“Rebâtir une indépendance agricole française” : géopolitique de l’impossible ! (Par J-Paul Pelras)
“Rebâtir une indépendance agricole”, second chantier après celui concernant la reconstruction de Notre-Dame lancé en moins d’un an par Emmanuel Macron devant des millions de téléspectateurs. Sauf que, si le premier d’entre nous s’est donné 5 ans pour restaurer l’édifice religieux, les matériaux et les moyens risquent de manquer pour retaper un secteur d’activité usé par des décennies de compétitions déloyales et dévasté par le discrédit qu’entretiennent, entre autres, les environnementalistes. Comment expliquer, en effet, aux maraîchers et aux arboriculteurs du Midi de la France qu’ils doivent rebâtir quelque chose alors qu’ils ont tout perdu, alors que leurs structures ont été démontées, alors que les biens ont été saisis, alors que le mitage des territoires et l’artificialisation des terres ont usurpé le potentiel agronomique. Prenons, pour illustrer ce propos, l’exemple des Pyrénées-Orientales, terres de primeurs autrefois baptisées “jardins de l’Europe”, où les friches courent désormais sur plus de 80 000 hectares. Le monde paysan y est réduit à sa portion congrue. L’arboriculture est passée de 12 500 hectares en 1988 à moins de 4 000 en 2019. le maraîchage, pour la même période, de 8 300 ha à moins de 2 000. Une érosion imputable principalement à la concurrence espagnole qui bénéficie de coûts de main-d’œuvre dérisoirement bas. Le SMIC mensuel brut français est de 1 539 euros contre 1 108 euros de l’autre côté des Pyrénées. Pour illustrer les effets de cette amplitude, signalons que la production française de pêches-nectarines a dégringolé de 324 000 tonnes en 2010 à 210 000 tonnes en 2019, alors que pour la même période la production espagnole passait de 681 000 tonnes à 1 600 000 tonnes.

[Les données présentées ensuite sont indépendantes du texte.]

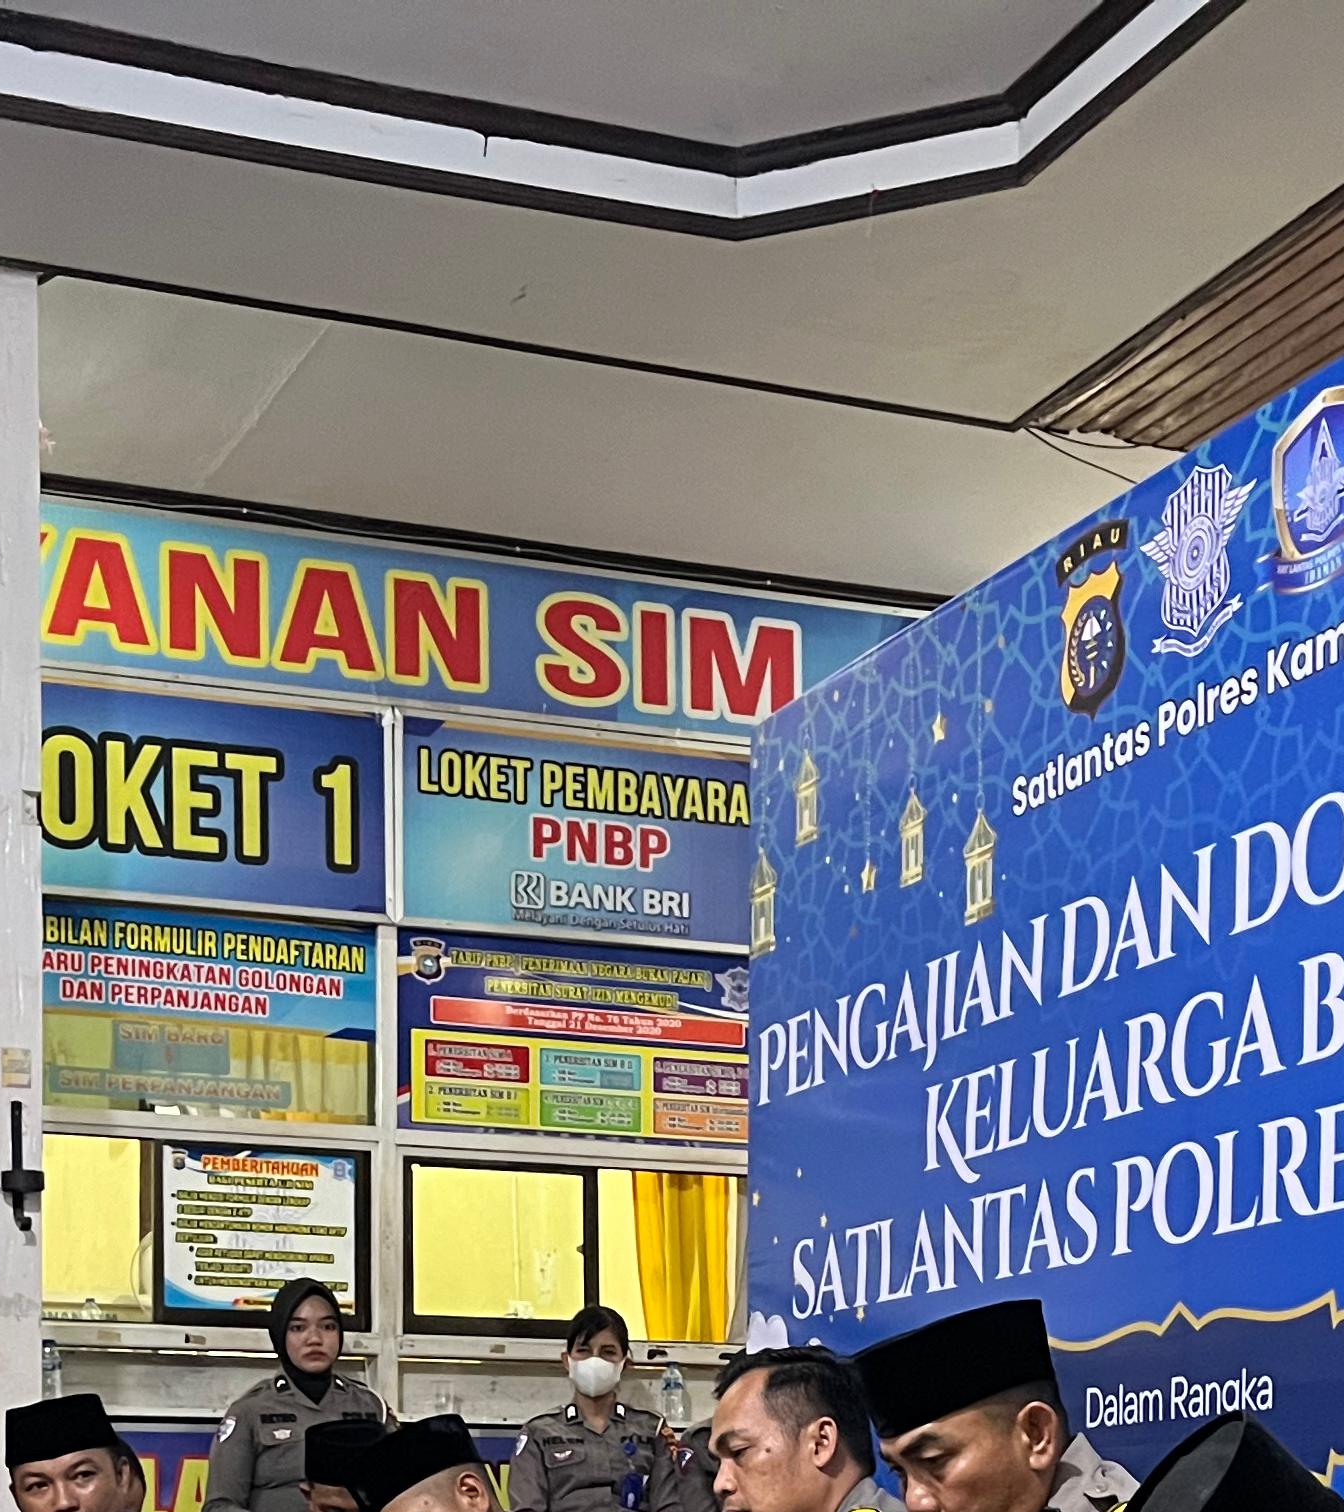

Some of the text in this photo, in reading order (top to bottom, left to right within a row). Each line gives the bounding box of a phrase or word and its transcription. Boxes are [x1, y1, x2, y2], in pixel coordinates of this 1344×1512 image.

Une concurrence impitoyable, stimulée par les distorsions monétaires au début des années 90, puis par les distorsions sociales, fiscales et même environnementales plus que jamais d’actualité ces temps-ci.
Il sera donc difficile pour les paysans roussillonnais, et plus globalement pour la filière fruitière et légumière française, de “rebâtir” une agriculture dans un contexte où, pour inverser la tendance, il faudrait, de surcroît, bousculer bon nombre d’accords géopolitiques, dont certains remontent aux fondamentaux du Traité de Rome, puis à l’accession de l’Espagne et du Portugal dans la communauté européenne.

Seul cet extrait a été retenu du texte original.